● **Records to use**:
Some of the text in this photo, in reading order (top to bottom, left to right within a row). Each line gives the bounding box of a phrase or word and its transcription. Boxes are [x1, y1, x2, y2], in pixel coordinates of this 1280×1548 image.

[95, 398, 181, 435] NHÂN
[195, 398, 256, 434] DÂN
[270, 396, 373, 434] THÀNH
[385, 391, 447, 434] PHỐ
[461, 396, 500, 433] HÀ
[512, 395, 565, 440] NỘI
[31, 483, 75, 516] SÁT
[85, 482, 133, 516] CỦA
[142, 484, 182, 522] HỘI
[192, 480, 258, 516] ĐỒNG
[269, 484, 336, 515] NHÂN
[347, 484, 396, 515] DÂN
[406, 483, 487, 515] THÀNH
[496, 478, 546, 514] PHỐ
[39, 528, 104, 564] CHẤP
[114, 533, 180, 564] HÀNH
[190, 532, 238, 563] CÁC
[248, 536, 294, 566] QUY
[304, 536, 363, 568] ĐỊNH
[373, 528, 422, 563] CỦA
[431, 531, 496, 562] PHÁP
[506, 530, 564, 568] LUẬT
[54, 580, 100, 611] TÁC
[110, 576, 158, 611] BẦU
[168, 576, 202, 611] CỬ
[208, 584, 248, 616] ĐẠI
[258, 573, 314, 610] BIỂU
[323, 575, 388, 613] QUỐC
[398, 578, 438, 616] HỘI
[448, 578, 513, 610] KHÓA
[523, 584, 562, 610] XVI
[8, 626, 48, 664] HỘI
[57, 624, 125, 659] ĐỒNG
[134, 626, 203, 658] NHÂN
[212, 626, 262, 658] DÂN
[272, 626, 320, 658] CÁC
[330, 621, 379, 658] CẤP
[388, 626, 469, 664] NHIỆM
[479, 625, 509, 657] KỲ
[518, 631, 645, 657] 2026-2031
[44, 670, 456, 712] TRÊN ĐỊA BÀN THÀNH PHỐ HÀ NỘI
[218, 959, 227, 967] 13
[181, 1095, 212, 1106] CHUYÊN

● **Problem details**: Repeat the whole listing exactly, with no omissions.

● **Solution to this task**:
Some of the text in this photo, in reading order (top to bottom, left to right within a row). Each line gives the bounding box of a phrase or word and its transcription. Boxes are [x1, y1, x2, y2], in pixel coordinates of this 1280×1548 image.

[95, 398, 181, 435] NHÂN
[195, 398, 256, 434] DÂN
[270, 396, 373, 434] THÀNH
[385, 391, 447, 434] PHỐ
[461, 396, 500, 433] HÀ
[512, 395, 565, 440] NỘI
[31, 483, 75, 516] SÁT
[85, 482, 133, 516] CỦA
[142, 484, 182, 522] HỘI
[192, 480, 258, 516] ĐỒNG
[269, 484, 336, 515] NHÂN
[347, 484, 396, 515] DÂN
[406, 483, 487, 515] THÀNH
[496, 478, 546, 514] PHỐ
[39, 528, 104, 564] CHẤP
[114, 533, 180, 564] HÀNH
[190, 532, 238, 563] CÁC
[248, 536, 294, 566] QUY
[304, 536, 363, 568] ĐỊNH
[373, 528, 422, 563] CỦA
[431, 531, 496, 562] PHÁP
[506, 530, 564, 568] LUẬT
[54, 580, 100, 611] TÁC
[110, 576, 158, 611] BẦU
[168, 576, 202, 611] CỬ
[208, 584, 248, 616] ĐẠI
[258, 573, 314, 610] BIỂU
[323, 575, 388, 613] QUỐC
[398, 578, 438, 616] HỘI
[448, 578, 513, 610] KHÓA
[523, 584, 562, 610] XVI
[8, 626, 48, 664] HỘI
[57, 624, 125, 659] ĐỒNG
[134, 626, 203, 658] NHÂN
[212, 626, 262, 658] DÂN
[272, 626, 320, 658] CÁC
[330, 621, 379, 658] CẤP
[388, 626, 469, 664] NHIỆM
[479, 625, 509, 657] KỲ
[518, 631, 645, 657] 2026-2031
[44, 670, 456, 712] TRÊN ĐỊA BÀN THÀNH PHỐ HÀ NỘI
[218, 959, 227, 967] 13
[181, 1095, 212, 1106] CHUYÊN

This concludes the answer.